While a bulk of the album has to do with simpler subjects: cars, partying, marijuana, “Love Is Not Enough” shows Yelawolf’s depth. In the tradition of Ghostface, Fatlip and Cannibal Ox before him, Alabama’s own makes a love-gone-wrong song that doesn’t compromise his image or music. Borrowing strongly from Devin The Dude’s masterpiece “Anythang” in production and chorus, the song is applicable about feelings of deceit looking back at first loves. “I Just Wanna Party” is quite the opposite. Here, “Catfish Billy” crosses the railroad tracks from Asher Roth’s frat-house flip-cup and chronicles an affair with cars parked in the yard and crushed powders on the kitchen counter. The bras may end up hanging from the ceiling fan in both cases, but a strong guest feature from Gucci Mane shows that no matter the environment, Yela can hang with the best of them.

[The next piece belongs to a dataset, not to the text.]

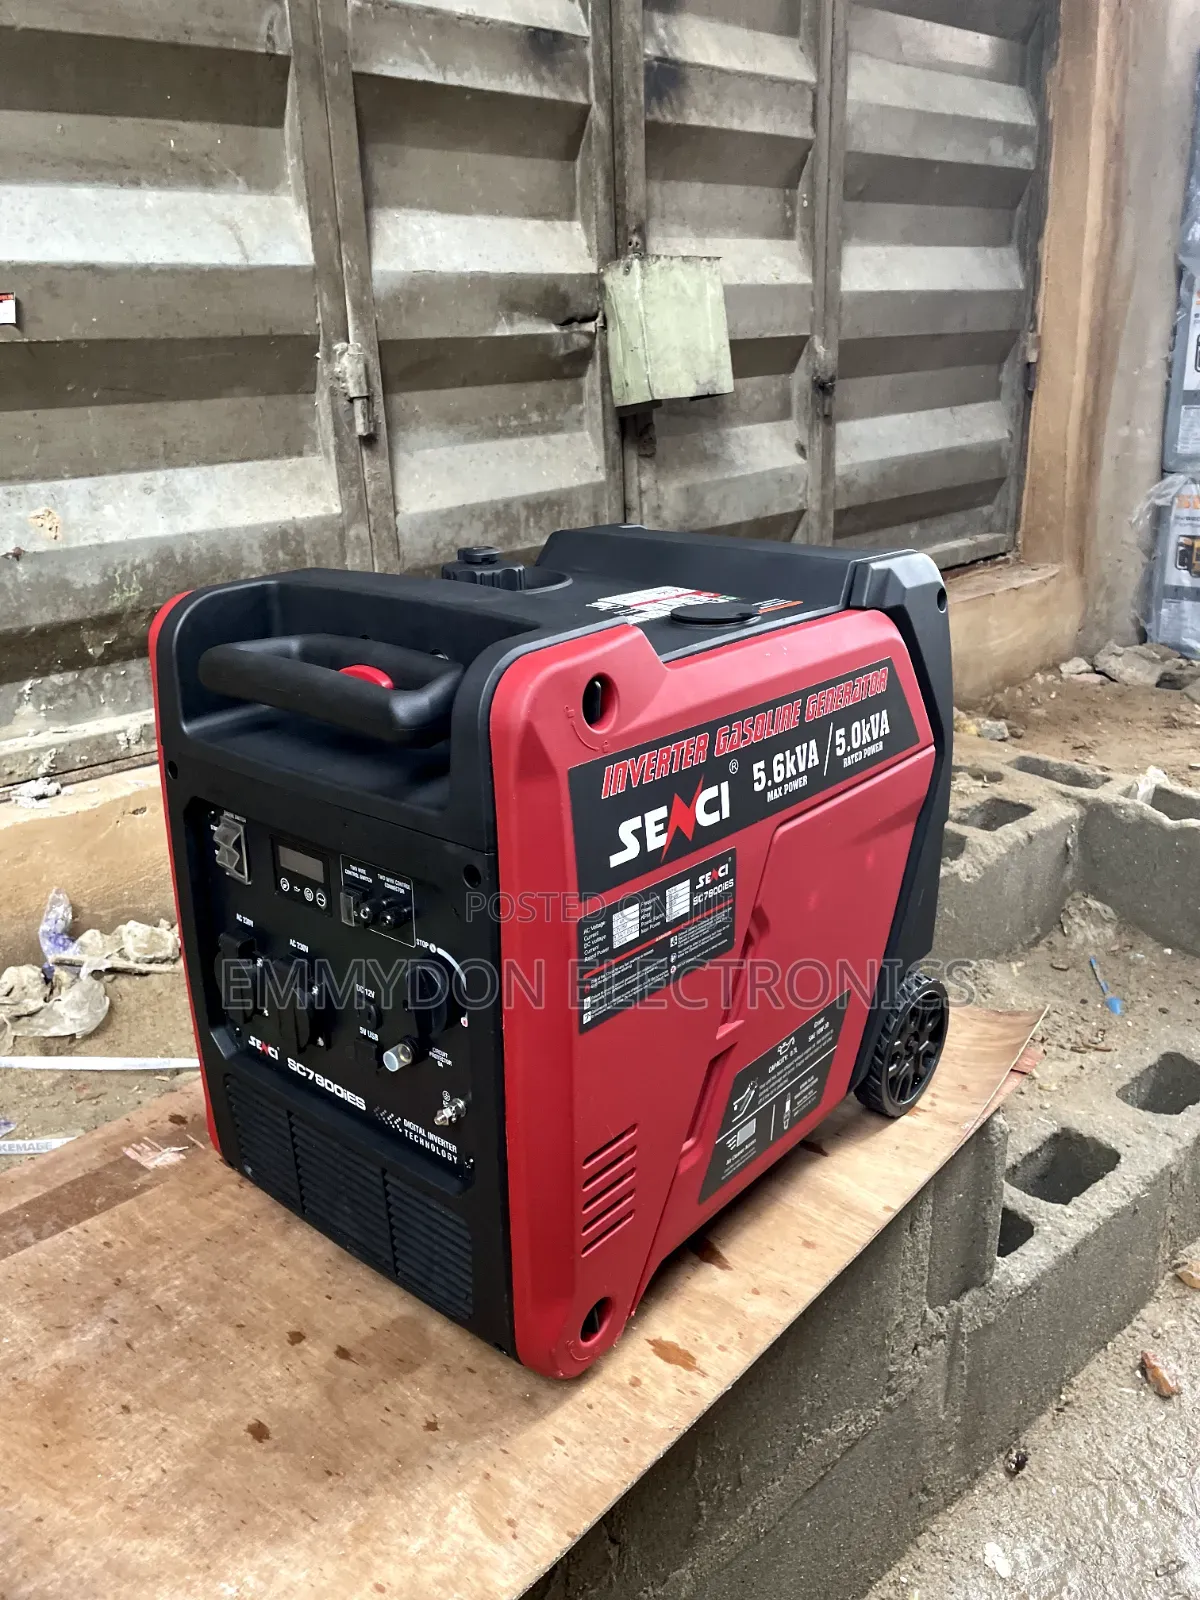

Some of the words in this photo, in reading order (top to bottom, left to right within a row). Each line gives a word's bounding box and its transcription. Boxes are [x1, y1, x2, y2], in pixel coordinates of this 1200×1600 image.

Putting it in his own terms, Yelawolf is a bonfire ready to ignite. Trunk Muzik 0-60 lights the match as one of the most versatile emcees in Hip Hop today finds a way to break new ground. Yes, the Beastie Boys, Nappy Roots and Bubba Sparxxx all have pivoted towards the direction that he’s taking, but Yelawolf is his own artist. As download links expire, this retail version pulls the best highlights from the original and escorts Yelawolf into the mainstream. The avid fisherman/emcee and his Interscope backers need not worry, no special bait is needed to lure in audiences here, it’s more about dropping a hook in uncharted waters.